Below are records with pictures; copy word for word only the lines between the line with "this 1328×996 image." and the line with "this 2000×1500 image.", inclusive, and drop the pictures.

Data for this task:
• • • • •
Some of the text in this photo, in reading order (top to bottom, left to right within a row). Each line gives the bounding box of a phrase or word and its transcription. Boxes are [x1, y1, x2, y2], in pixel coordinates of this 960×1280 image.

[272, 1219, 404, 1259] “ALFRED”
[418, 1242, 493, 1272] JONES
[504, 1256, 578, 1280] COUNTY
• • • • •
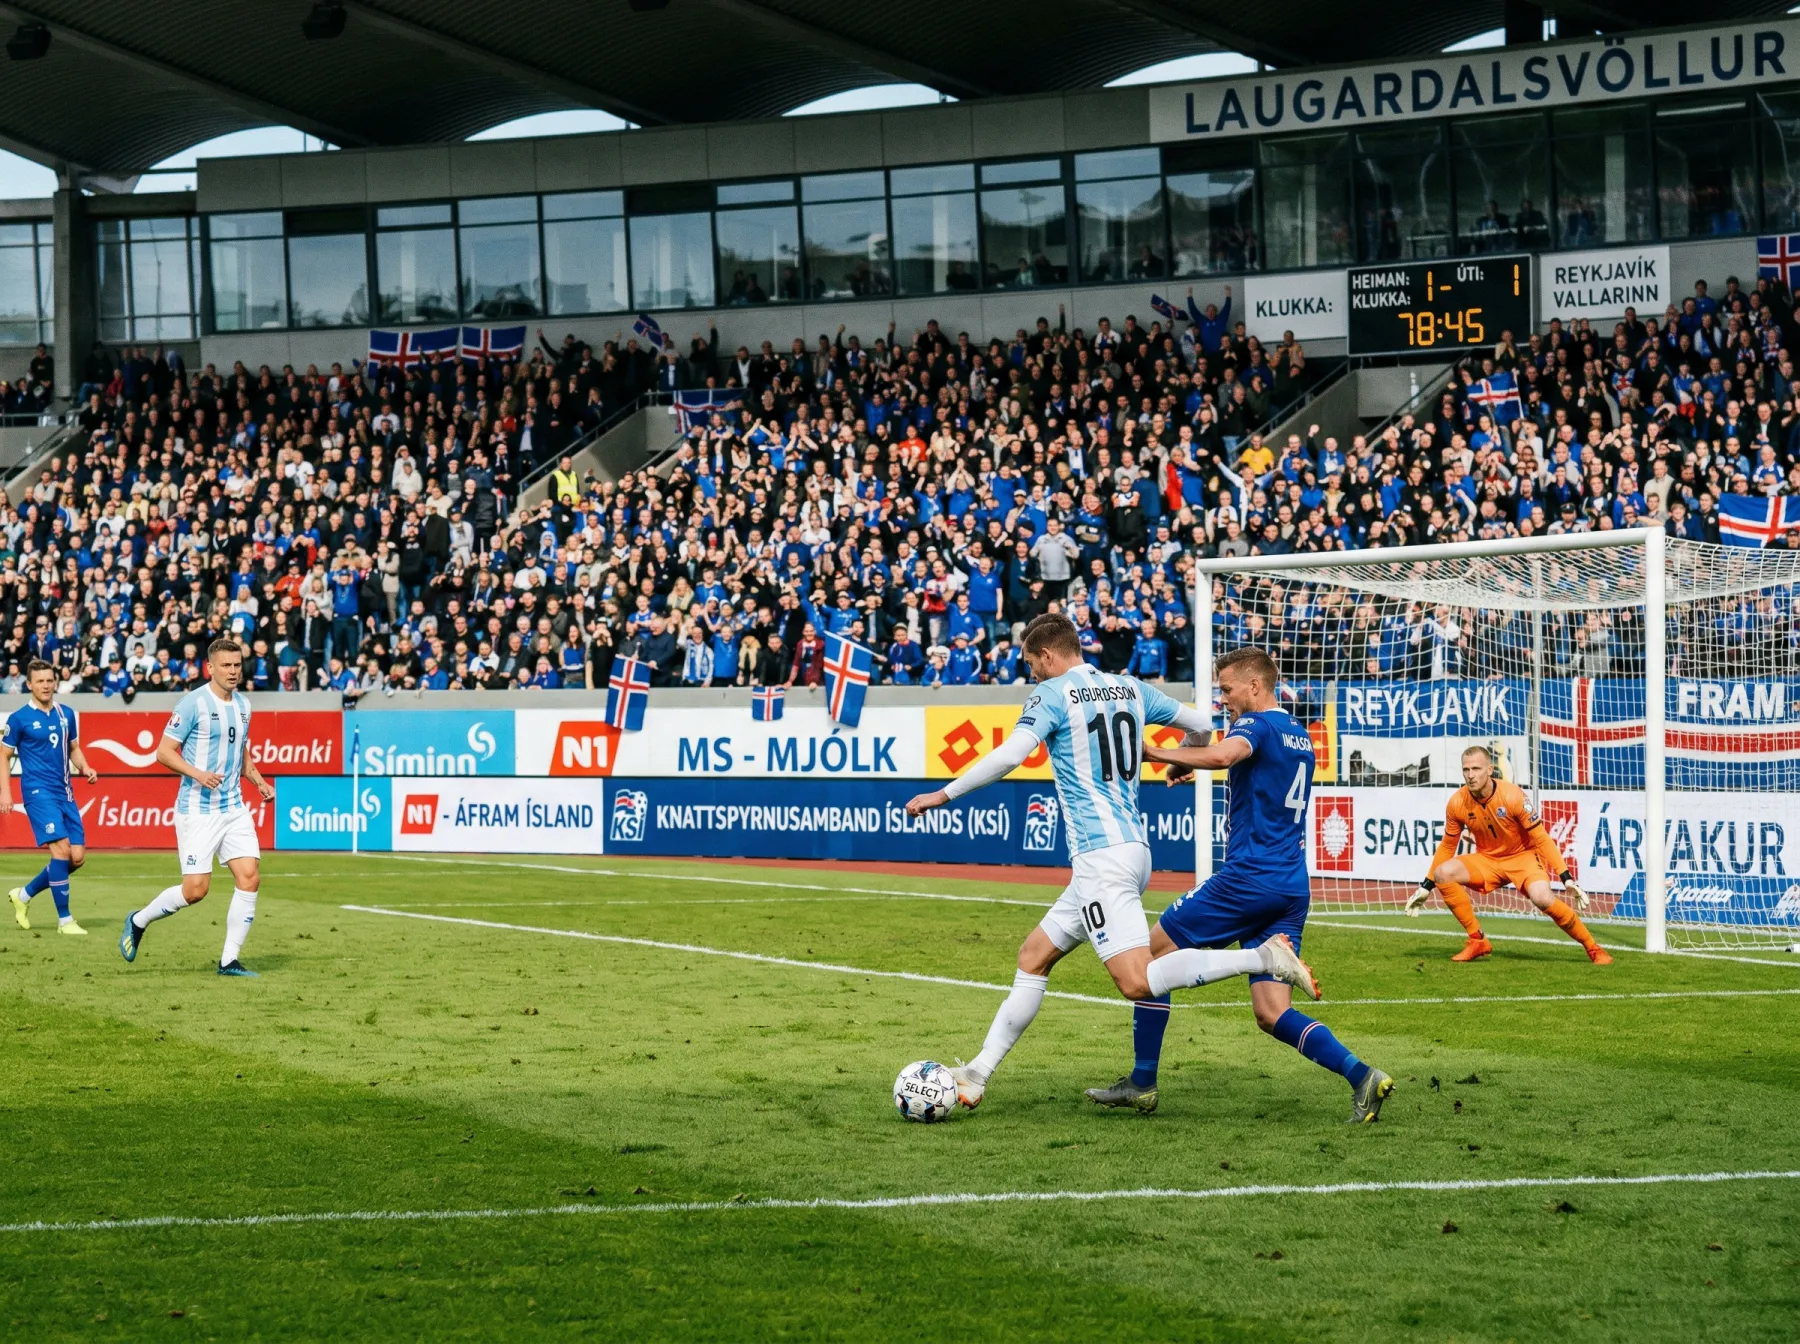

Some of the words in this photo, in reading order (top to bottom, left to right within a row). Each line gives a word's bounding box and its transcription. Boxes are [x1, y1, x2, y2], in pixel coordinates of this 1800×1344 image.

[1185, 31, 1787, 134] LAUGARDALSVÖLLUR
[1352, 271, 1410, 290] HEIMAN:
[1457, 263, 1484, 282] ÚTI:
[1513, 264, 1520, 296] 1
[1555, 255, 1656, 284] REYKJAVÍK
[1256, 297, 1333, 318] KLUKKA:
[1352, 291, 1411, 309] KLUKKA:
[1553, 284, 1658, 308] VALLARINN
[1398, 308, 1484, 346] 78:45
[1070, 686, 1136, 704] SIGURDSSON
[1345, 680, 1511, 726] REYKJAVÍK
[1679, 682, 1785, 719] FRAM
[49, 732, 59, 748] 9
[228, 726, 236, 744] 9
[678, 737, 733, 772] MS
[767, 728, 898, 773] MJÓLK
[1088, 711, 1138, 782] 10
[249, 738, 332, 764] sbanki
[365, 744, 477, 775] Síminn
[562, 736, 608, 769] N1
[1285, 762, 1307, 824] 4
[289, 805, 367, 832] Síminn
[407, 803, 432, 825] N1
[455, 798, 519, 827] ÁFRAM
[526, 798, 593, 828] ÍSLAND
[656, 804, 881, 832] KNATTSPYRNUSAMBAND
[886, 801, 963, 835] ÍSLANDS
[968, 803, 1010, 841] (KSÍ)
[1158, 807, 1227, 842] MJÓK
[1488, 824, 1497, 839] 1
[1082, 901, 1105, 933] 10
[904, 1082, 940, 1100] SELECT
• • • • •
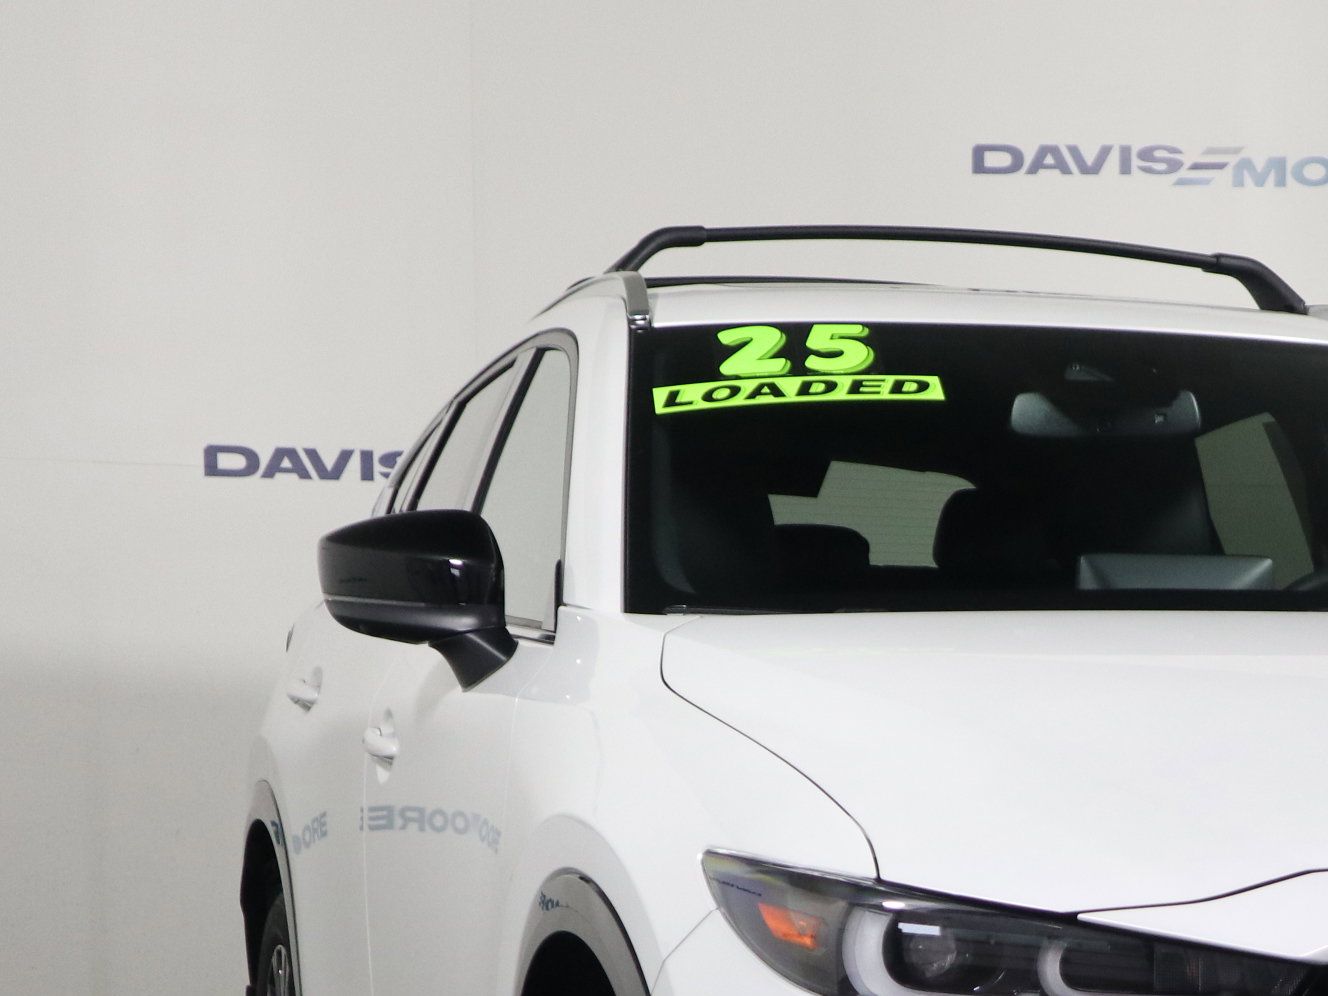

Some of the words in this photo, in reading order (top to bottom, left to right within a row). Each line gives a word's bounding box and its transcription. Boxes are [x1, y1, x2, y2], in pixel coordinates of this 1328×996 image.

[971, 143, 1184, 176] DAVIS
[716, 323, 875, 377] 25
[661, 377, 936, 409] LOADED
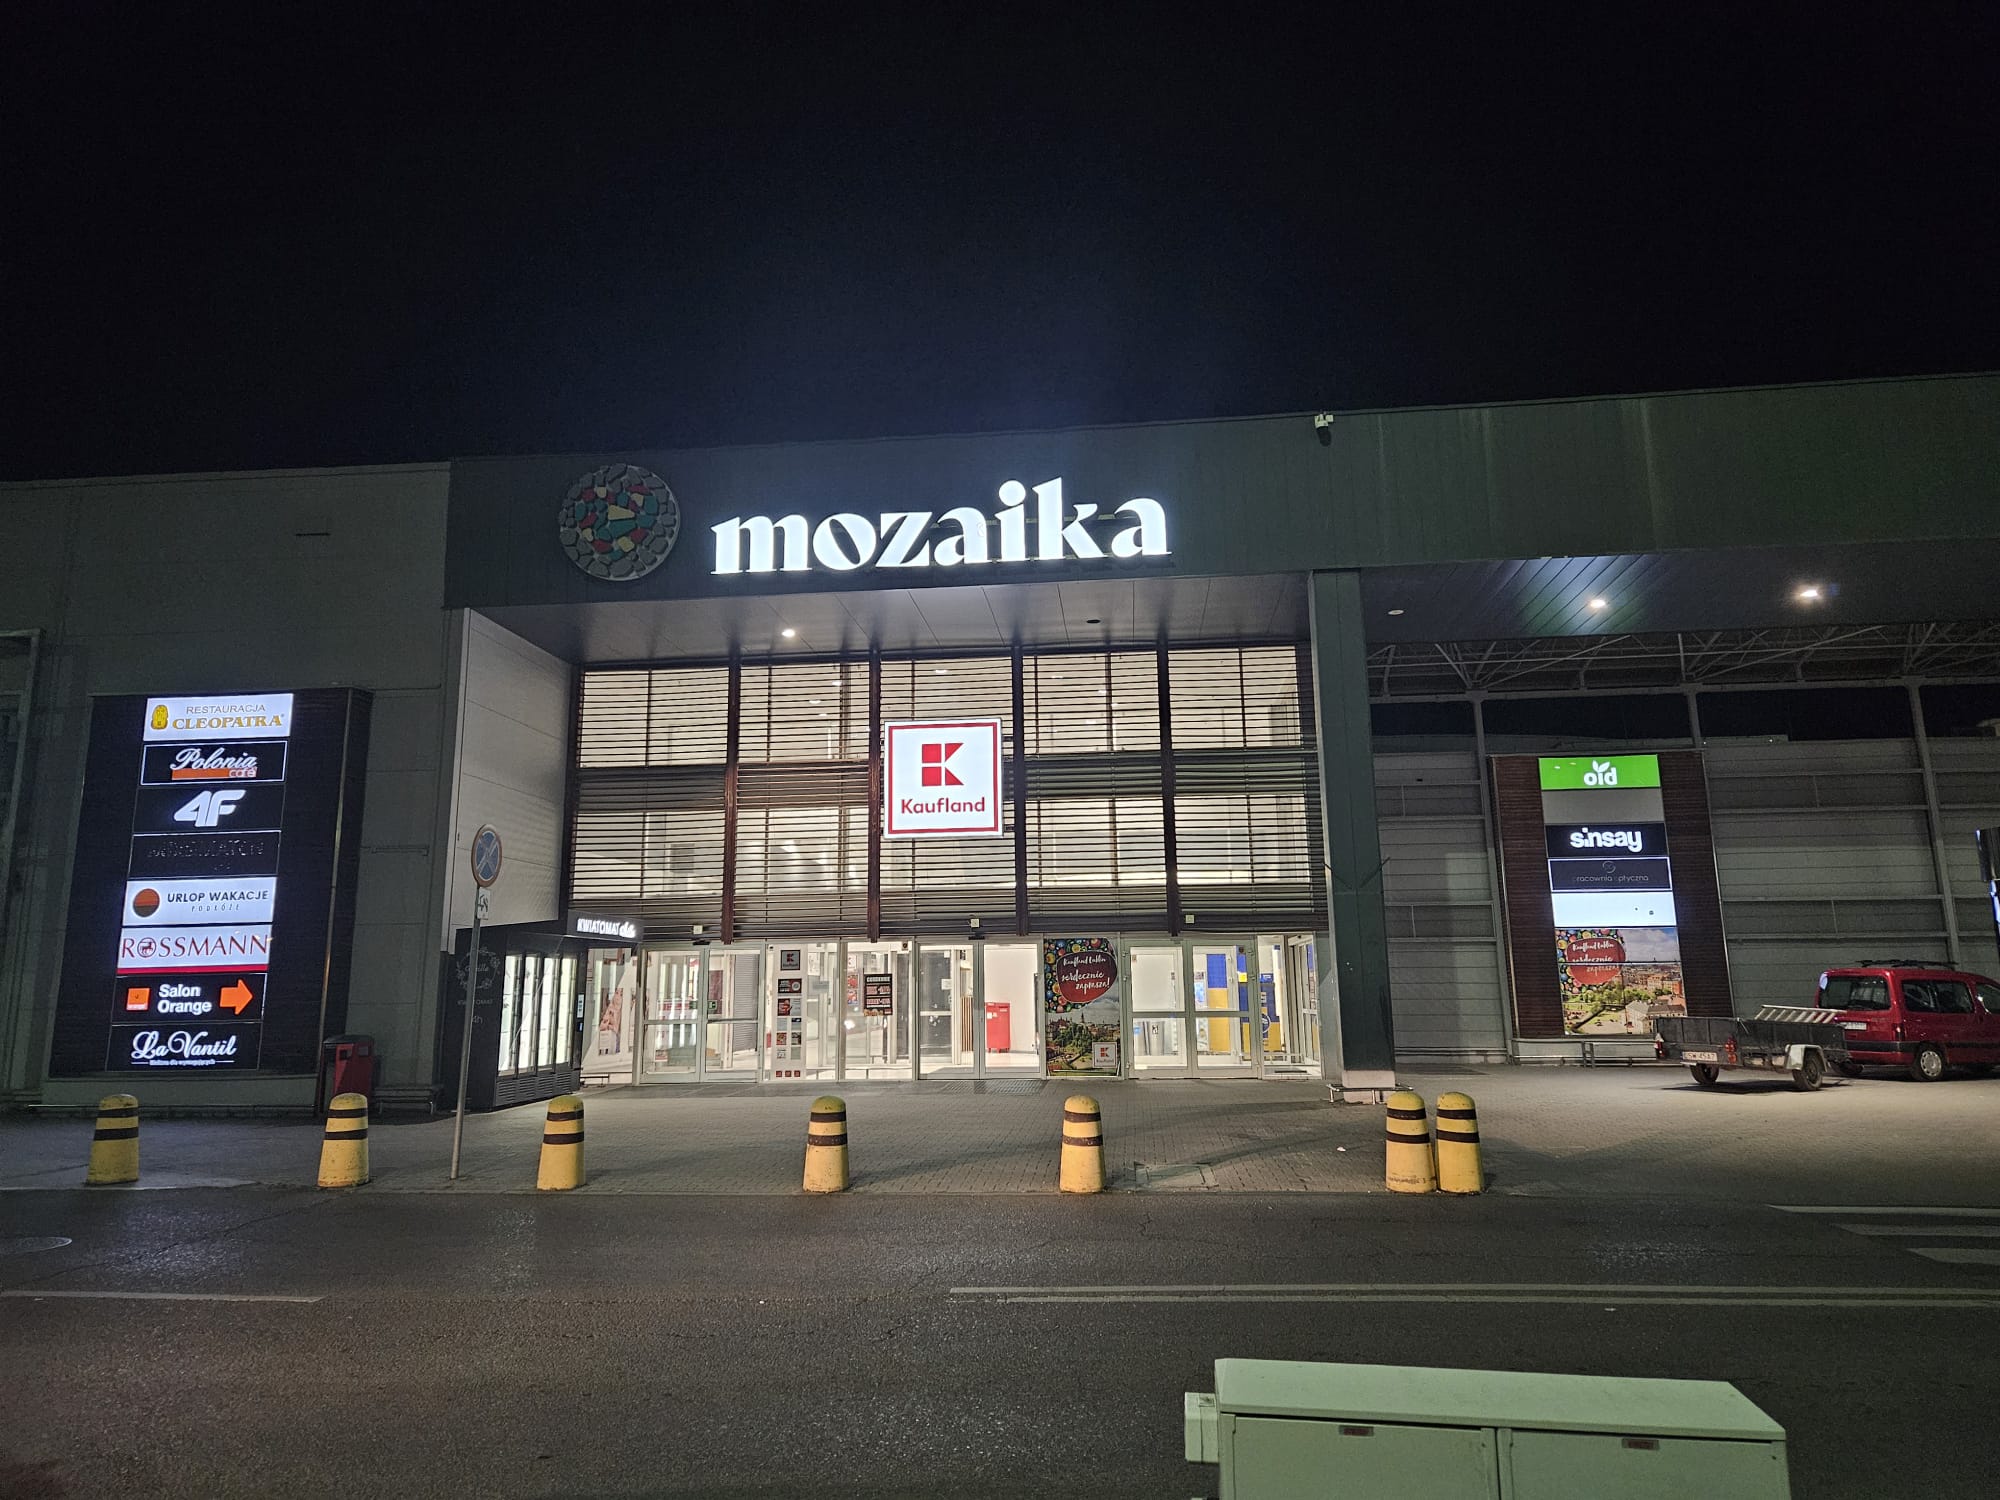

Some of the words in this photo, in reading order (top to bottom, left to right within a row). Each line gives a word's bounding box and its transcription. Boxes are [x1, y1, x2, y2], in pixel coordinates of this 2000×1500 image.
• • • • •
Result of the task:
Some of the words in this photo, in reading order (top to bottom, left to right within a row). Each line gives a word's bounding box and its transcription. Boxes are [x1, y1, x2, y2], in pixel coordinates of this 1328×996 image.

[971, 143, 1184, 176] DAVIS
[716, 323, 875, 377] 25
[661, 377, 936, 409] LOADED

Some of the words in this photo, in reading order (top to bottom, left to right within a row). Each line gives a word's bounding box and its transcription. Boxes are [x1, y1, x2, y2], in pixel coordinates of this 2000×1500 image.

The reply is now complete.